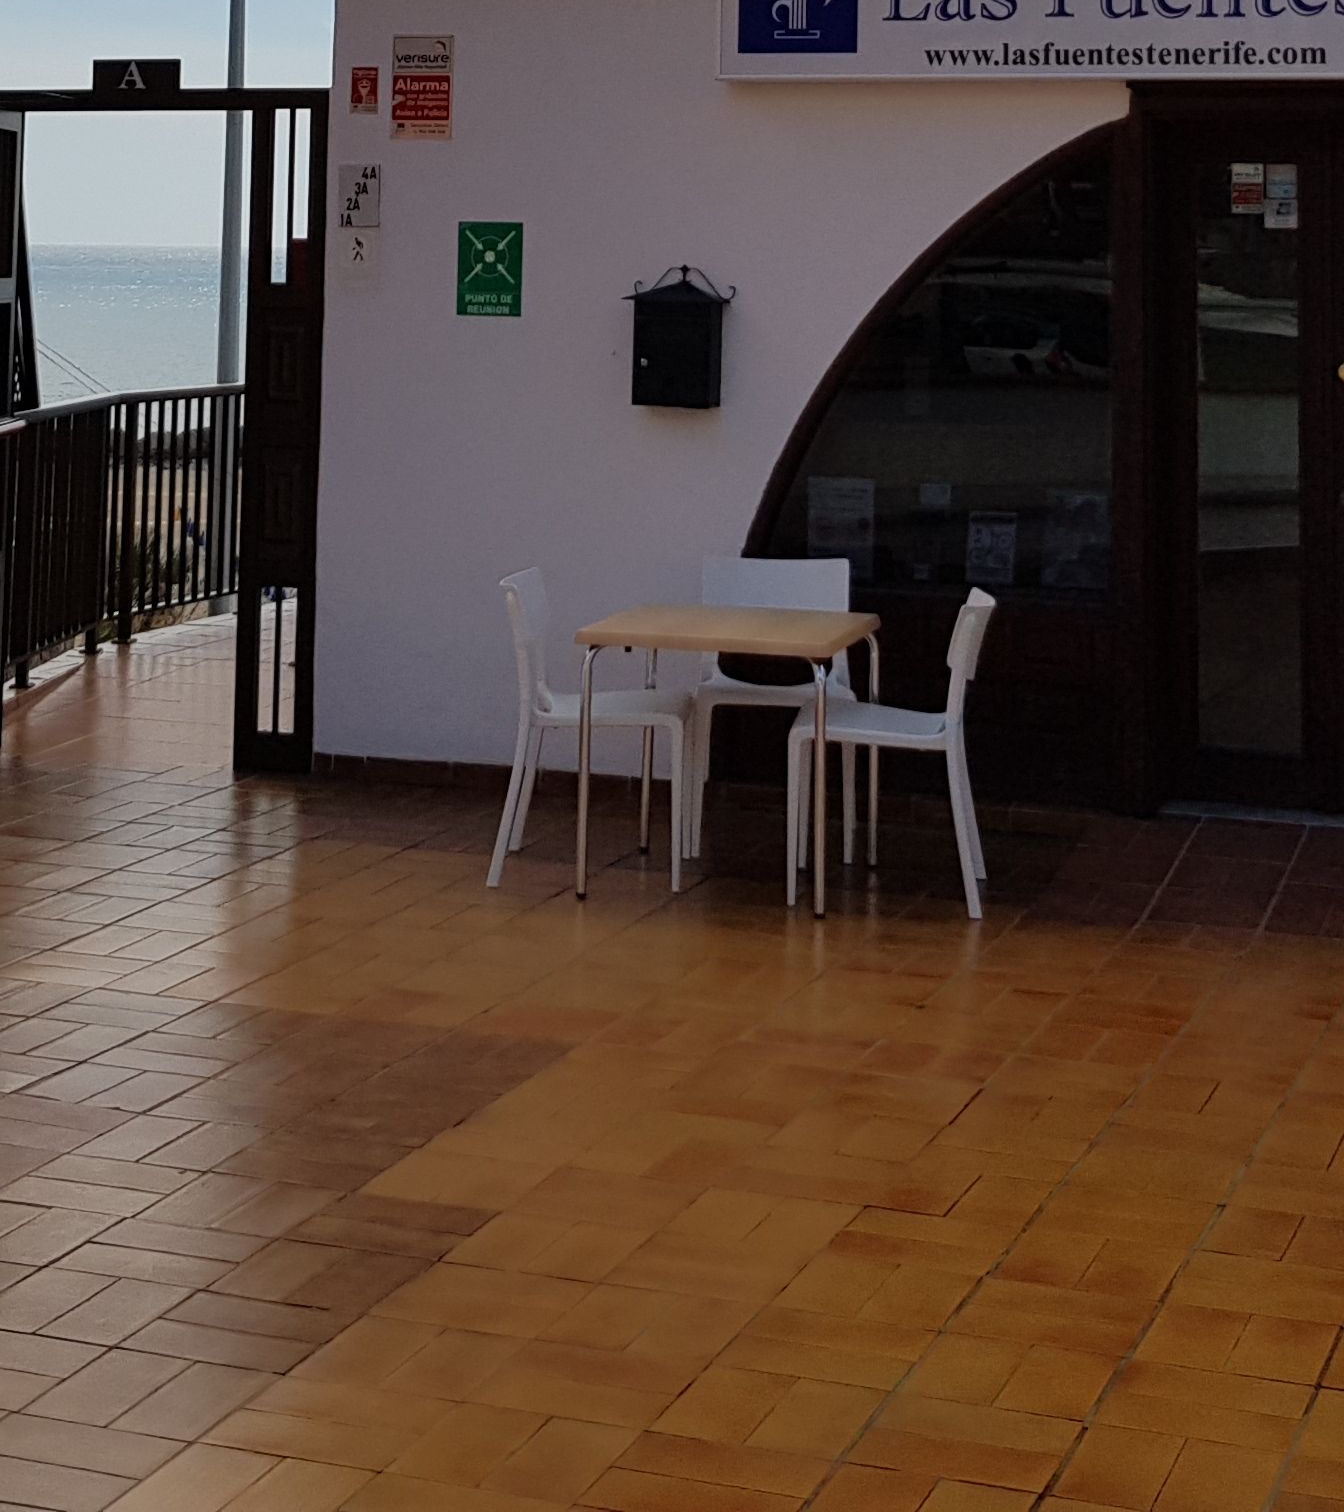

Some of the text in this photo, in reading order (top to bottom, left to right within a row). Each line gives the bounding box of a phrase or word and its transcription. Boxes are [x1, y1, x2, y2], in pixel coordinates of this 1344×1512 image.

[924, 40, 1328, 69] www.lasfuentestenerife.com
[118, 60, 146, 89] A
[394, 77, 449, 91] Alarma
[361, 166, 377, 179] 4A
[354, 181, 369, 195] 3A
[346, 197, 361, 211] 2A
[340, 213, 353, 227] 1A
[465, 294, 513, 304] PUNTO DE
= = =
▶ Exercise goal
With the pictures removed, please retype each record exactly.

▶ Solution
Some of the text in this photo, in reading order (top to bottom, left to right within a row). Each line gives the bounding box of a phrase or word and its transcription. Boxes are [x1, y1, x2, y2], in pixel coordinates of this 1344×1512 image.

[924, 40, 1328, 69] www.lasfuentestenerife.com
[118, 60, 146, 89] A
[394, 77, 449, 91] Alarma
[361, 166, 377, 179] 4A
[354, 181, 369, 195] 3A
[346, 197, 361, 211] 2A
[340, 213, 353, 227] 1A
[465, 294, 513, 304] PUNTO DE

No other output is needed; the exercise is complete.